*WHAT YOU NEED TO DO:* Your answer must be the full set of records, copied exactly, with no pictures in it.

____

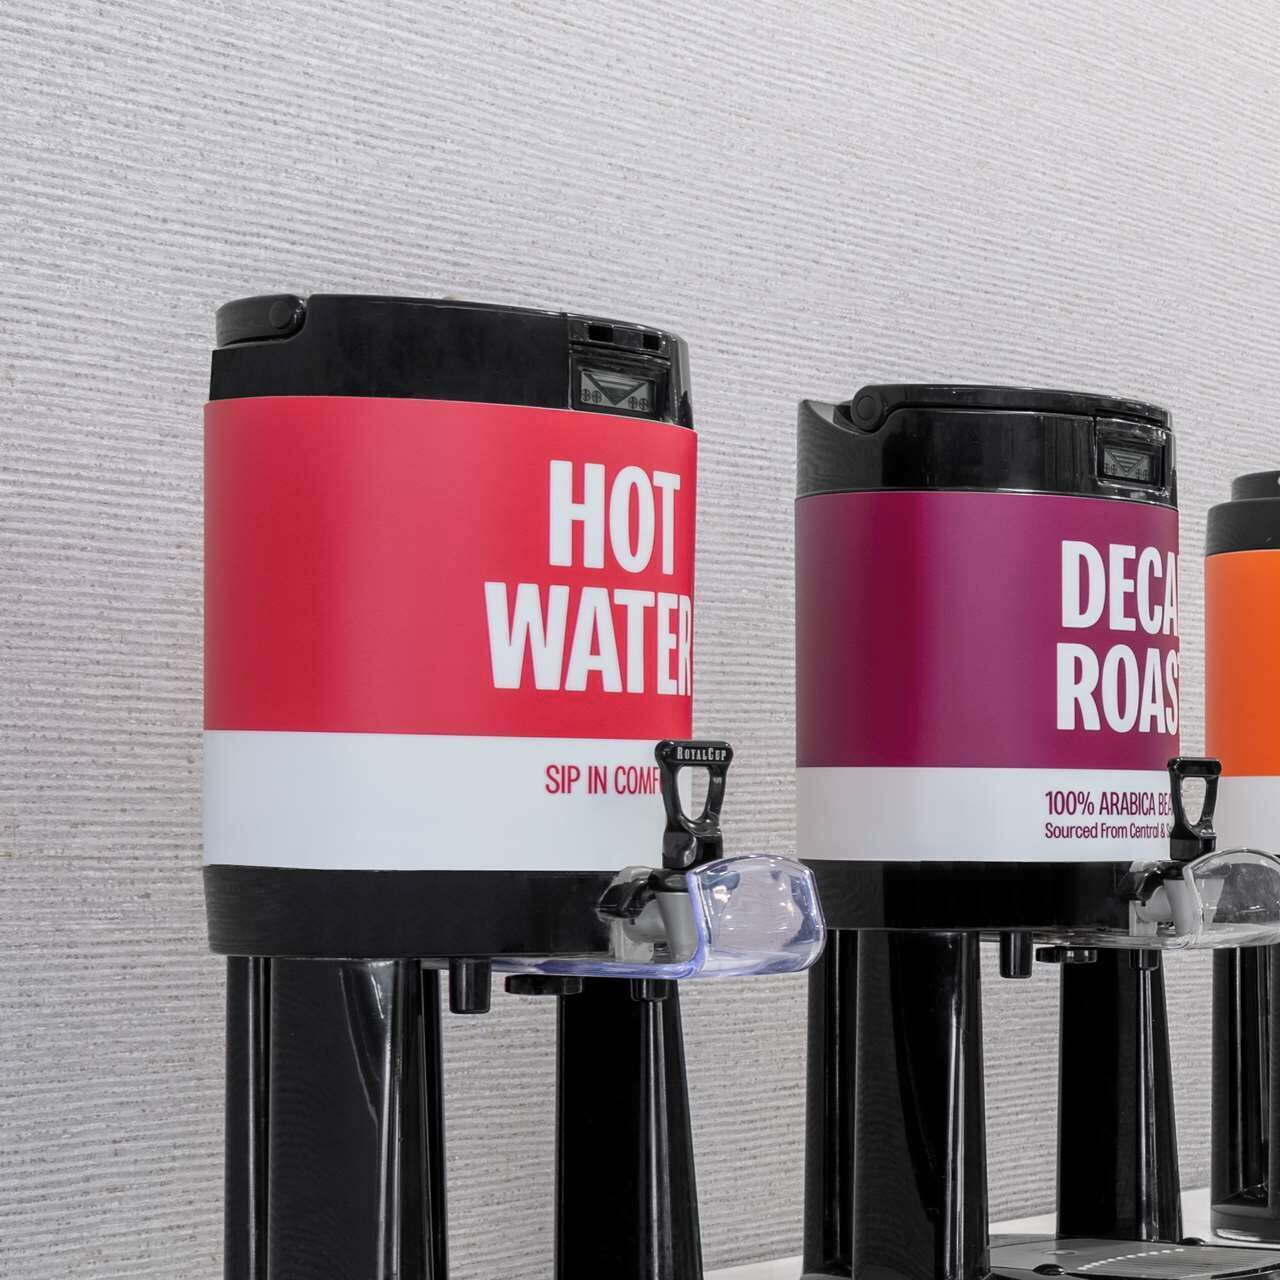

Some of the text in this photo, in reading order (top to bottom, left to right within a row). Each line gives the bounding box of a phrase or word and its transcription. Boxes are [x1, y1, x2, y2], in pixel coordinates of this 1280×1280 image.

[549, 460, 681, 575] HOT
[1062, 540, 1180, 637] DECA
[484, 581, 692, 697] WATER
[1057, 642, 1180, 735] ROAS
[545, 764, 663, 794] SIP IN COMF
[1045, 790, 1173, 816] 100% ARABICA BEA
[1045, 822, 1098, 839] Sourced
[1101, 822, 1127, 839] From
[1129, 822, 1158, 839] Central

____

*SOLUTION:*
Some of the text in this photo, in reading order (top to bottom, left to right within a row). Each line gives the bounding box of a phrase or word and its transcription. Boxes are [x1, y1, x2, y2], in pixel coordinates of this 1280×1280 image.

[549, 460, 681, 575] HOT
[1062, 540, 1180, 637] DECA
[484, 581, 692, 697] WATER
[1057, 642, 1180, 735] ROAS
[545, 764, 663, 794] SIP IN COMF
[1045, 790, 1173, 816] 100% ARABICA BEA
[1045, 822, 1098, 839] Sourced
[1101, 822, 1127, 839] From
[1129, 822, 1158, 839] Central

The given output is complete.